## Work instructions
Repeat the data that follows in full. Do not include the pictures.

_ _ _ _ _ _ _

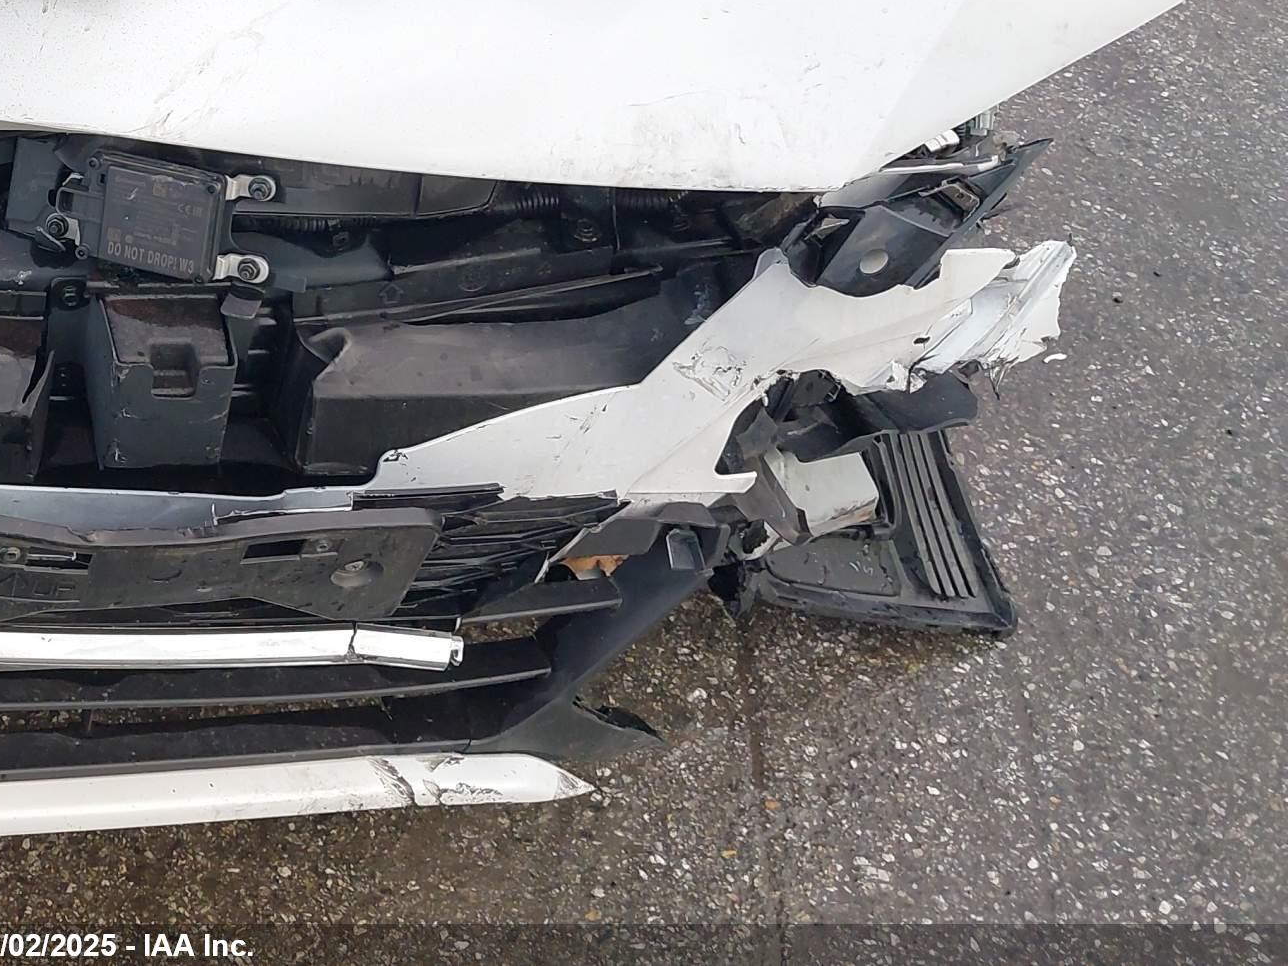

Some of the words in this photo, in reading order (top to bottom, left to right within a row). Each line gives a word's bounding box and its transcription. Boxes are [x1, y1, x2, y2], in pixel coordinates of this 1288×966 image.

[107, 242, 122, 256] DO
[124, 245, 145, 261] NOT
[147, 251, 178, 271] DROP!
[179, 257, 195, 275] W3
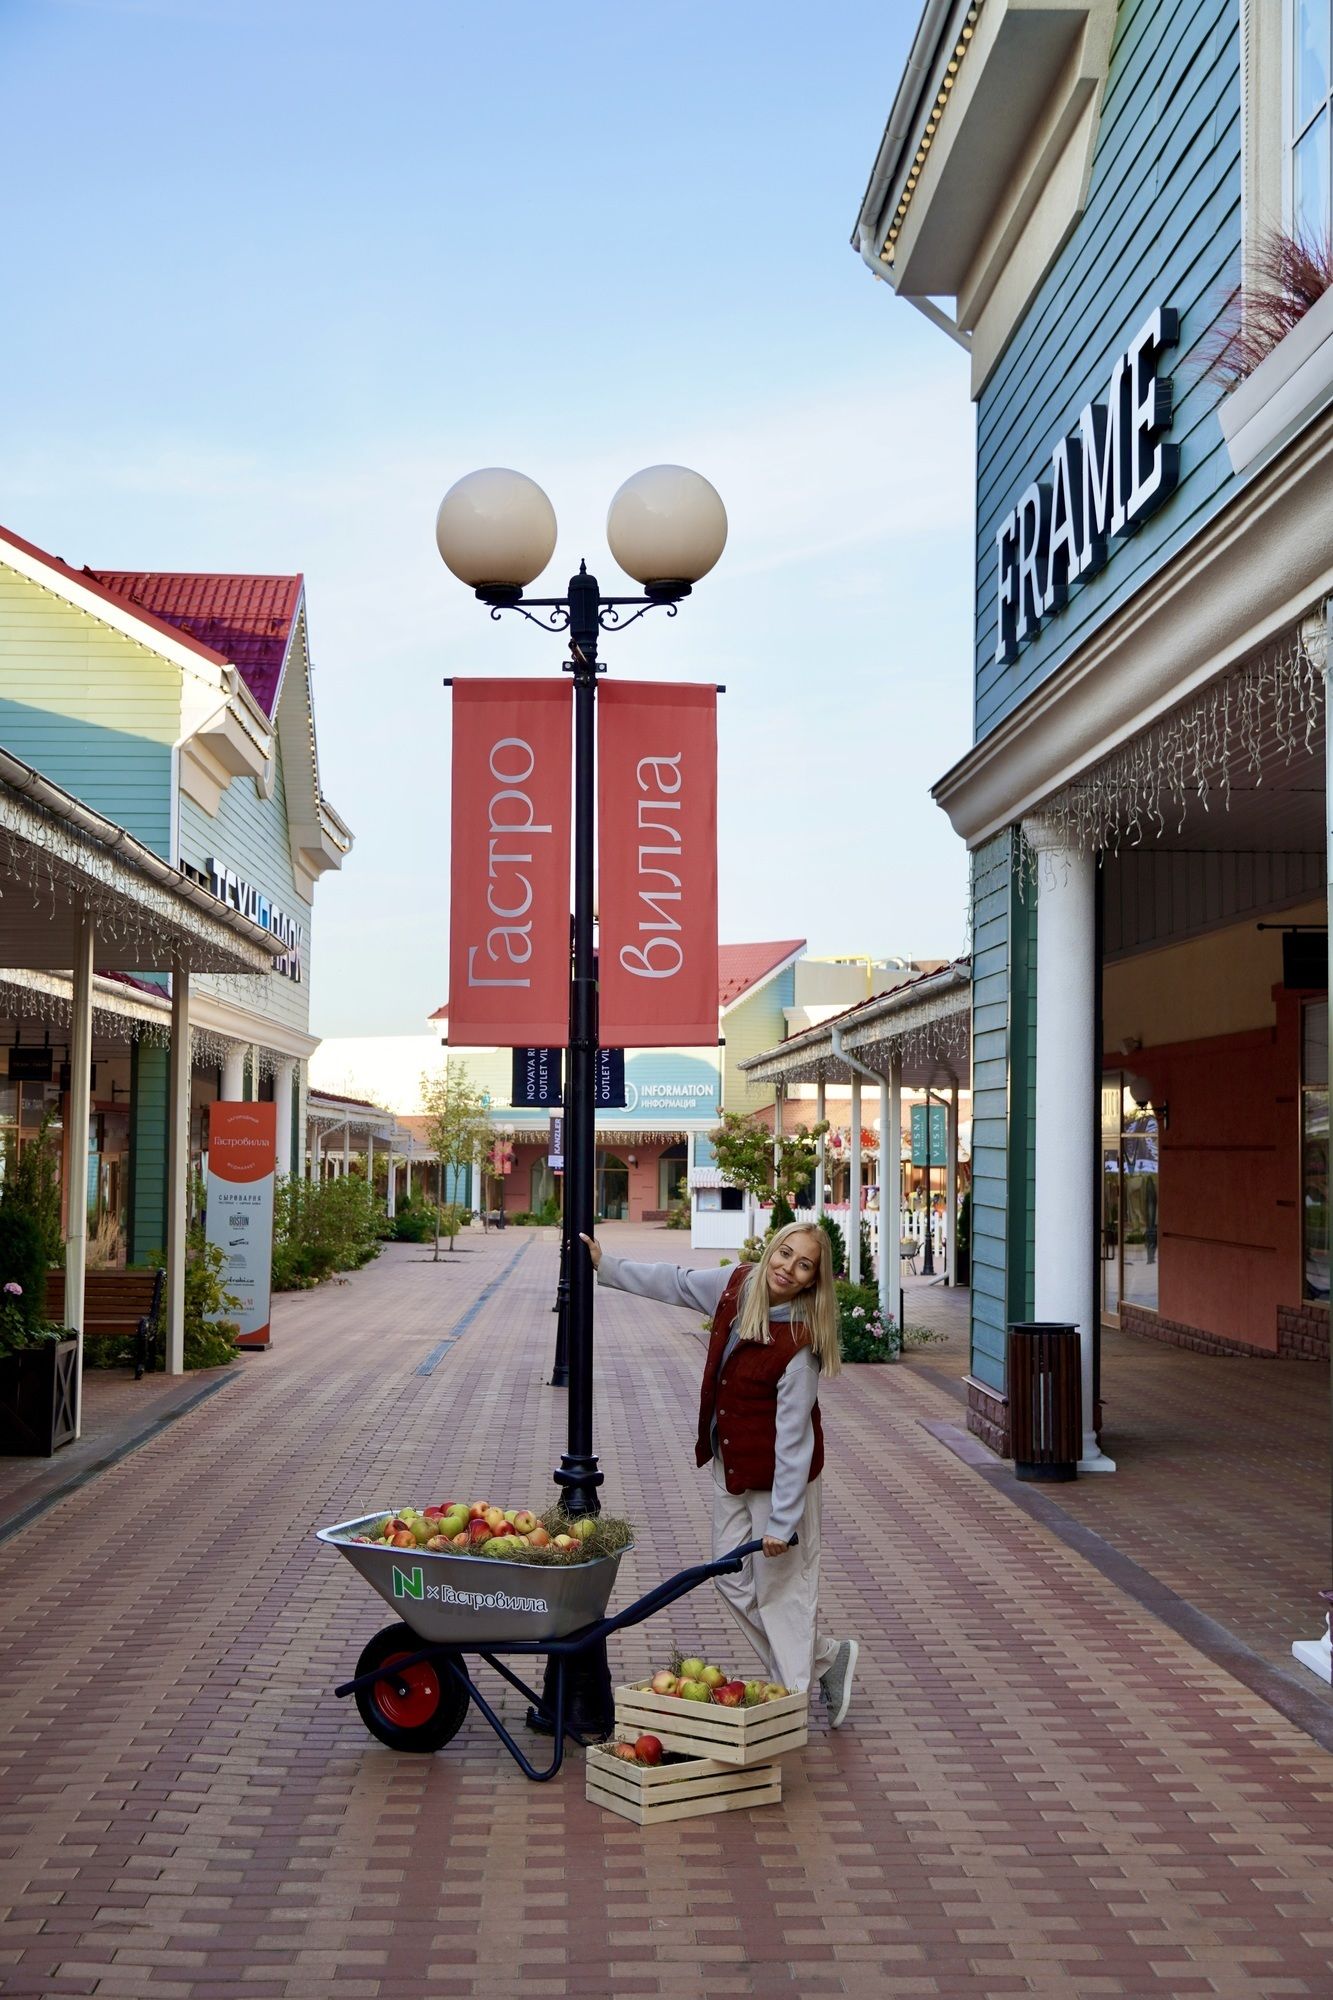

_ _ _ _ _ _ _

## Answer to this problem
Some of the words in this photo, in reading order (top to bottom, left to right within a row). Each line gives a word's bounding box and its transcription. Boxes are [x1, y1, x2, y2], in pixel coordinates of this 1288×966 image.

[107, 242, 122, 256] DO
[124, 245, 145, 261] NOT
[147, 251, 178, 271] DROP!
[179, 257, 195, 275] W3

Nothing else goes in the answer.